Florida Education Commissioner Tony Bennett says state leaders and lawmakers are listening to teacher concerns about evaluations.
The Florida Education Association is suing Bennett, the Department of Education, and a few school districts over teacher evaluations.
The union believes a 2011 law requiring teacher evaluations violates the equal protection and due process rights of school personnel.
“Gov. Scott has been diligent about listening to teachers,” Bennett said. “One of the things that I can say with great hope is that by the time this legislative session ends, a number of the concerns brought forth in the suit are actually going to be addressed.”
The biggest complaint is that a teacher’s evaluation may be based on the academic performance of students in a different class or even another school — students the teacher never taught.
A bill moving through the Senate would change that.
The bill was getting bipartisan support until a provision was added that says students can’t have a low-performing teacher two years in a row.
Now, the teachers union opposes the bill on the grounds that the state can’t be trusted to adequately determine which teachers are unsatisfactory.
The lawsuit comes as the state phases in Common Core standards and works to develop new assessments.
Florida is part of a consortium of states adopting PARCC – the Partnership for Assessment of Readiness for College and Careers.
Part of teacher salaries will be based on these new assessments.
FEA President Andy Ford recently told StateImpact Florida that he thinks teachers don’t have enough say in developing PARCC.
“Teachers are never asked for their input,” Ford said. “That’s most of the problem this state has.”
But Bennett says Florida had done more to review each assessment item submitted for PARCC than any other state, and that includes input from Florida teachers.

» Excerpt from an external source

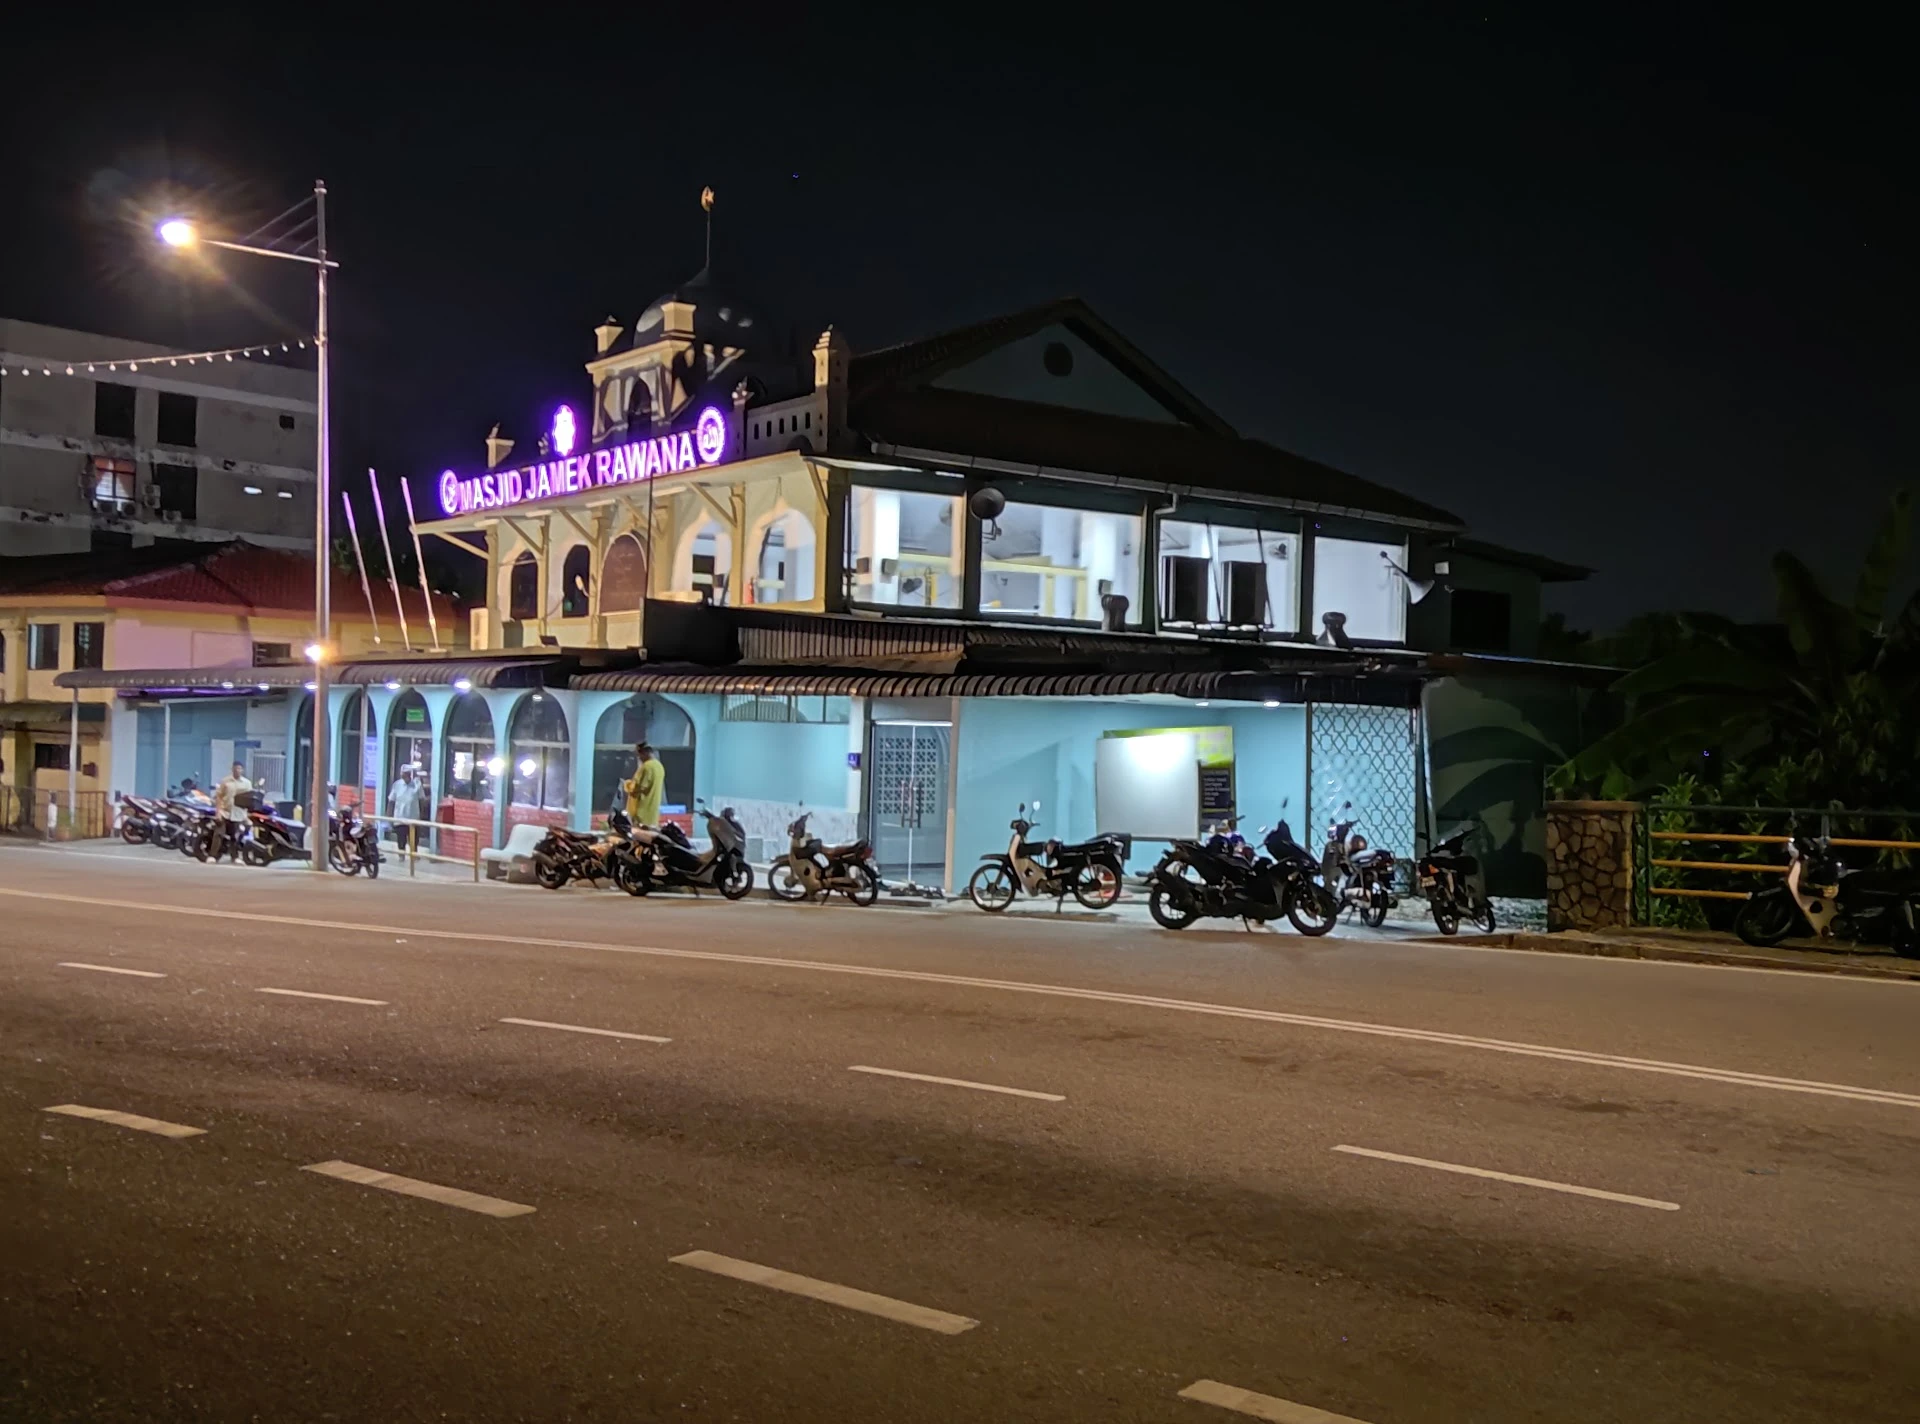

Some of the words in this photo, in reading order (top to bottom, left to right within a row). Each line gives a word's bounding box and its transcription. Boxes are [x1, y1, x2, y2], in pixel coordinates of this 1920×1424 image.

“Florida is consistently among the highest states in the consortium regarding public input,” Bennett said. “PARCC has received the greatest amount of feedback…from Florida.”
The teachers union is also concerned about how much time will be spent on Common Core testing. The new assessments, scheduled for full implementation in 2014, are likely to take more time than is now being spent on the Florida Comprehensive Assessment Test.

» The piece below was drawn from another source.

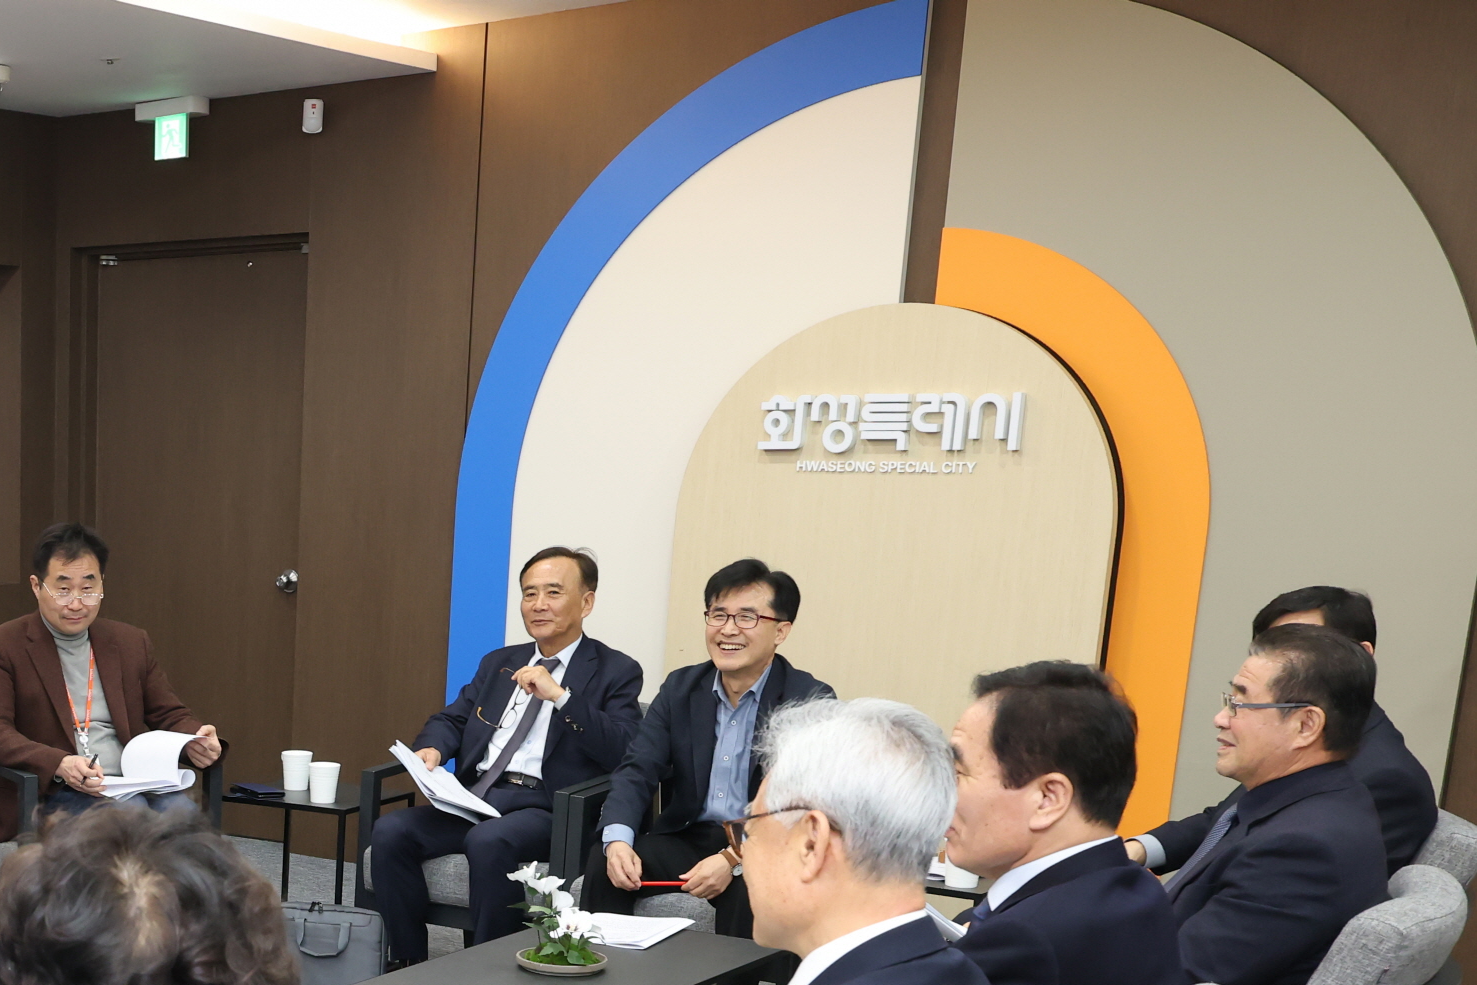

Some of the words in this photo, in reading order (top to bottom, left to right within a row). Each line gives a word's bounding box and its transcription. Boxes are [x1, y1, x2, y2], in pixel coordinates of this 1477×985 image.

“The Common Core State Standards require students to exhibit a much deeper understanding, a much more developed problem solving ability as it pertains to standard mastery,” Bennett said.

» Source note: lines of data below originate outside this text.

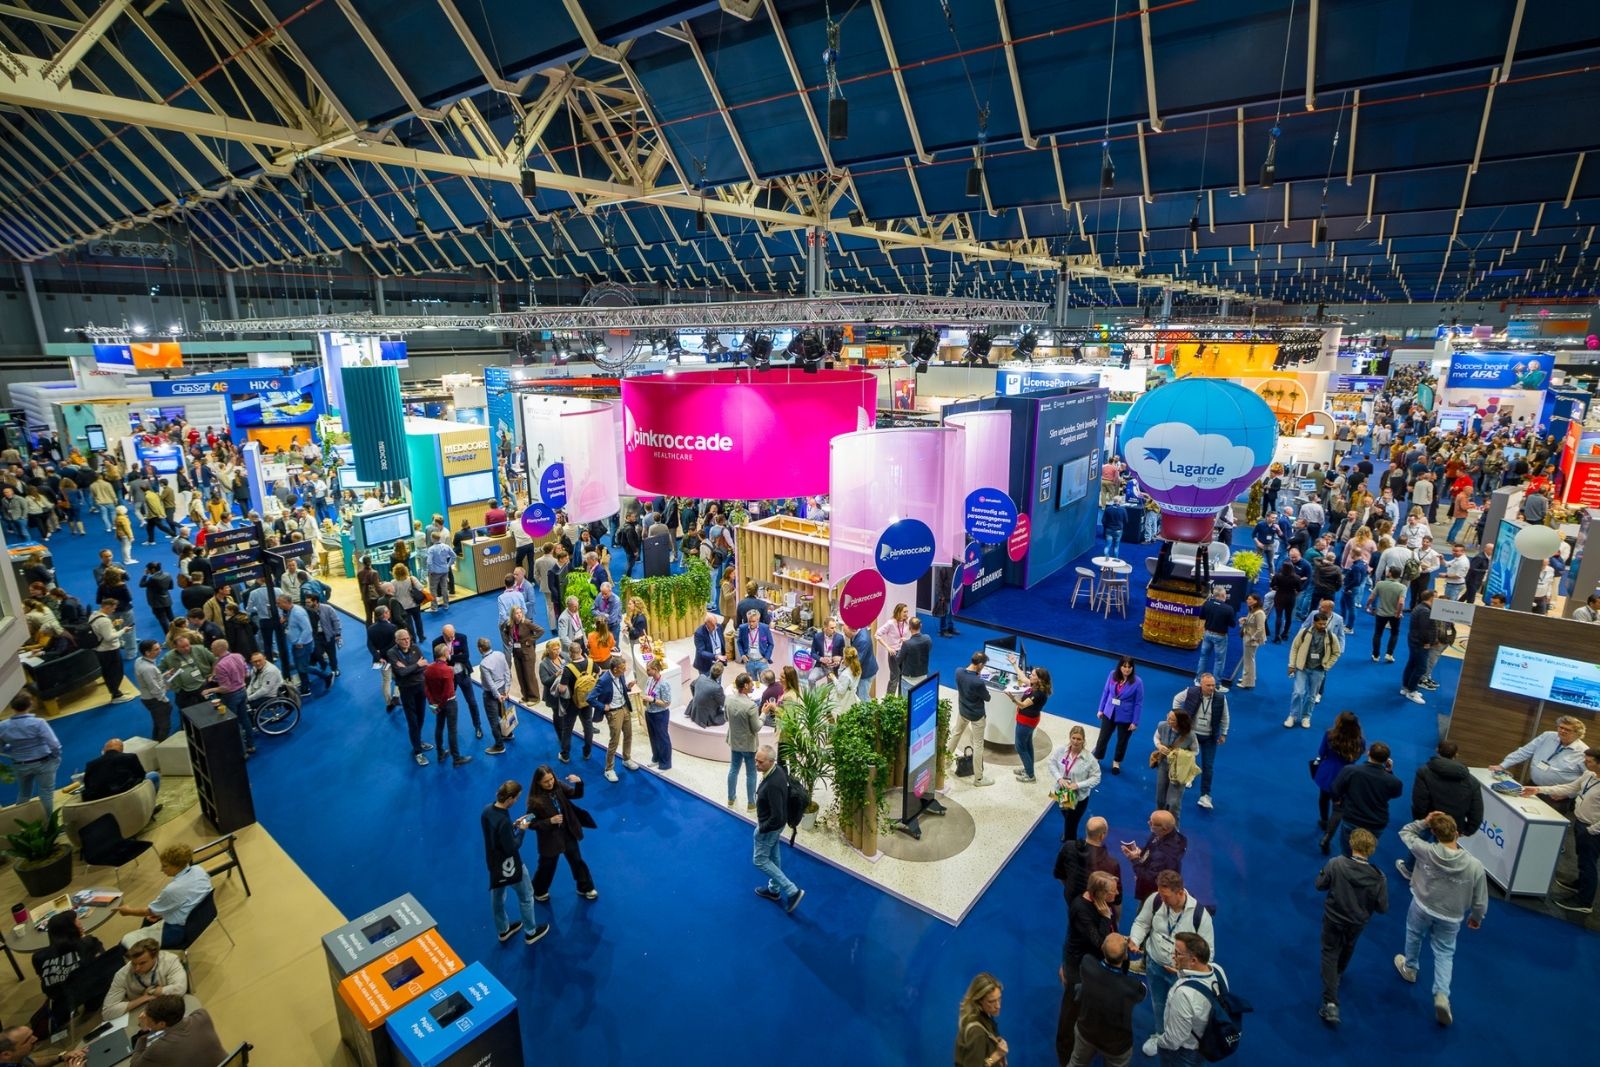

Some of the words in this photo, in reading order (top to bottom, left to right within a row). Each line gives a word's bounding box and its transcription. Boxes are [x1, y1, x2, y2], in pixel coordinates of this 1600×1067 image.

[1454, 362, 1482, 370] Succes
[1484, 363, 1509, 371] begint
[1470, 370, 1501, 378] AFAS
[249, 381, 270, 389] HiX
[1008, 377, 1018, 385] LP
[1023, 376, 1086, 387] LicensePartn
[171, 382, 211, 395] ChipSoft
[634, 427, 733, 451] pinkroccade
[444, 440, 489, 454] MEDICORE
[378, 441, 388, 470] MEDICORE
[654, 451, 694, 461] HEALTHCARE
[1169, 460, 1224, 477] Lagarde
[971, 506, 998, 515] Eenvoudig
[976, 520, 1002, 528] AVG-proof
[890, 546, 931, 558] pinkroccade
[483, 553, 510, 566] Switch
[972, 580, 982, 592] EEN
[982, 568, 1003, 586] DRANKJE
[850, 592, 882, 607] pinkroccade
[1150, 601, 1194, 614] adballon.nl
[411, 1023, 425, 1039] Paper
[420, 1016, 435, 1033] Papier

“That indicates to us that there will be different types of questions on the test. So this will not be your traditional bubble test,” Bennett said. “That takes a greater amount of time.”
Bennett doesn’t believe teachers will have to teach to the test either, as critics say they do now with the FCAT.
“The nature of Common Core – fewer, deeper, higher standards – will provide our teachers in Florida an incredible opportunity to utilize their creativity…and innovation in their classrooms to help students get the level of mastery they need,” Bennett said. “So there’s not a way to say ‘let’s teach to the test.’
“Nobody ever says we teach to the SAT or the ACT,” Bennett said. “The intent of PARCC – and the intent of any assessment that is developed for Common Core – is to enable students to illustrate that level of mastery at a clear, higher, deeper level.”